Manajemen adalah suatu proses mengelola sumber-sumber organisasi. sedangkan Organisasi adalah sekumpulan orang yang memiliki tujuan yang sama dan menyediakan ruang bagi mereka untuk mengaktualisasikan potensinya untuk mewujudkan tujuan tersebut.

Jadi menurut saya, Manajemen Organisasi adalah sekumpulan orang yang melakukan suatu kegiatan dengan tujuan yang sama.

Semua bentuk organisasi dimana orang-orang bekerja bersama mencapai tujuan yang telah ditetapkan, membutuhkan manajemen. Manajemen diperlukan organisasi agar usaha pencapaian tujuan menjadi lebih mudah.

Secara spesifik ada tiga alasan utama dibutuhkannya manajemen dalam organisasi, yaitu:

1.      Mencapai tujuan, manajemen mempermudah pencapaian tujuan organisasi dan pribadi.

2.      Menjaga keseimbangan diantara tujuan-tujuan yang saling bertentangan, manajemen menyeimbangkan tujuan-tujuan dan kegiatan-kegiatan yang saling bertentangan di antara pihak-pihak yang berkepentingan dalam organisasi (stakeholders) seperti pemilik, karyawan, konsumen, pemasok dan lain-lain.

3.      Mencapai efisiensi dan efektifitas, efisiensi dan efektifitas merupakan ukuran prestasi organisasi.

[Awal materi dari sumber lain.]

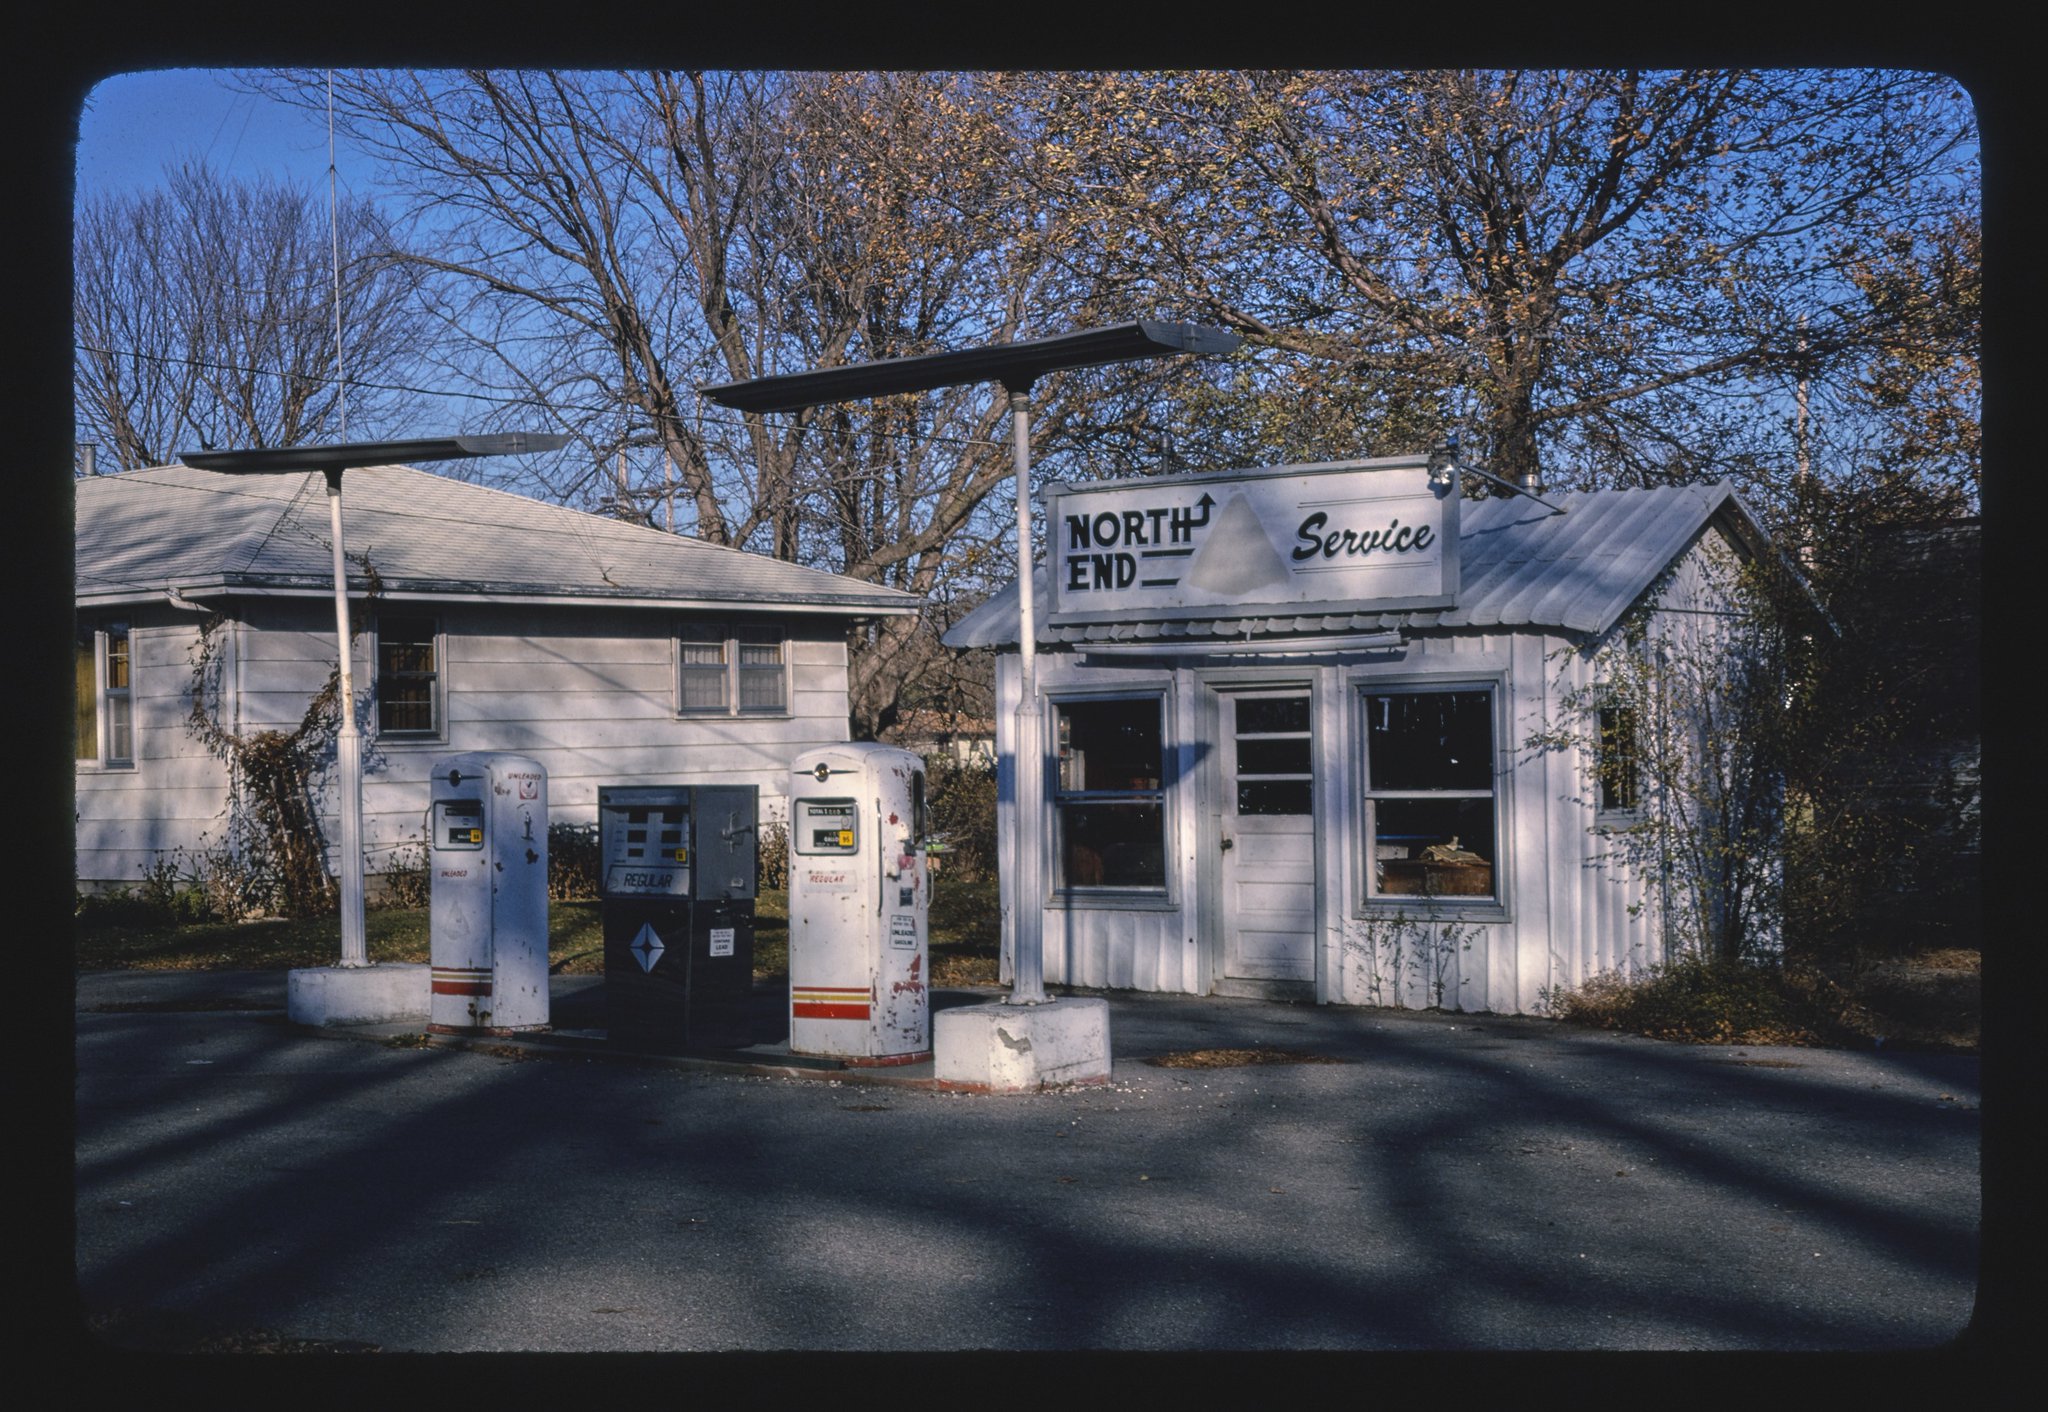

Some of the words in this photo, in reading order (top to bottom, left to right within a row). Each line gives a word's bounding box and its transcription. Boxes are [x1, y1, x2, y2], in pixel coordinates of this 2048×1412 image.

Menurut Peter Drucker efisiensi adalah melakukan pekerjaan dengan benar (doing thing right) dan efektifitas adalah melakukan pekerjaan yang benar (doing the right thing).

Efisiensi merupakan kemampuan untuk melakukan pekerjaan dengan benar, berkaitan dengan biaya-biaya yang ditimbulkan dalam melakukan aktivitas. Mengukur biaya dari sumber daya yang diperlukan dalam rangka mencapai suatu tujuan. Sedangkan efektivitas merupakan kemampuan memilih alat yang tepat untuk mencapai tujuan yang telah ditetapkan, berkaitan dengan melakukan pekerjaan yang seharusnya dilakukan dan merupakan ukuran tentang pencapaian suatu tugas atau tujuan. Sejauh mana tugas atau tujuan telah dicapai.

Yang dimaksud dengan Efisiensi adalah menyelesaikan pekerjaan dengan usaha, biaya, atau pemborosan yang minimum. Jadi efisiensi adalah kemampuan untuk melakukan pekerjaan dengan benar. Sedangkan Efektivitas adalah penyelesaian tugas-tugas yang membantu pencapaian sasaran organisasi atau bisa juga dikatakan efektivitas adalah kemampuan untuk memilih tujuan yang tepat/melakukan pekerjaan yang benar.

 

Fungsi Manajemen

Empat fungsi manajemen sebagai tugas utama yang harus dilaksanakan seorang manajer dalam mengelola organisasi untuk mencapai tujuan atau yang dikenal sebagai proses manajemen adalah sebagai berikut :

  1. 1.    Perencanaan (planning).

Proses untuk menentukan tujuan yang akan dicapai serta langkah-langkah yang harus diambil untuk mencapainya, meliputi penetapan sasaran, merumuskan tujuan, menetapkan strategi, membuat strategi, dan mengembang-kan subrencana untuk mengkoordinasikan kegiatan.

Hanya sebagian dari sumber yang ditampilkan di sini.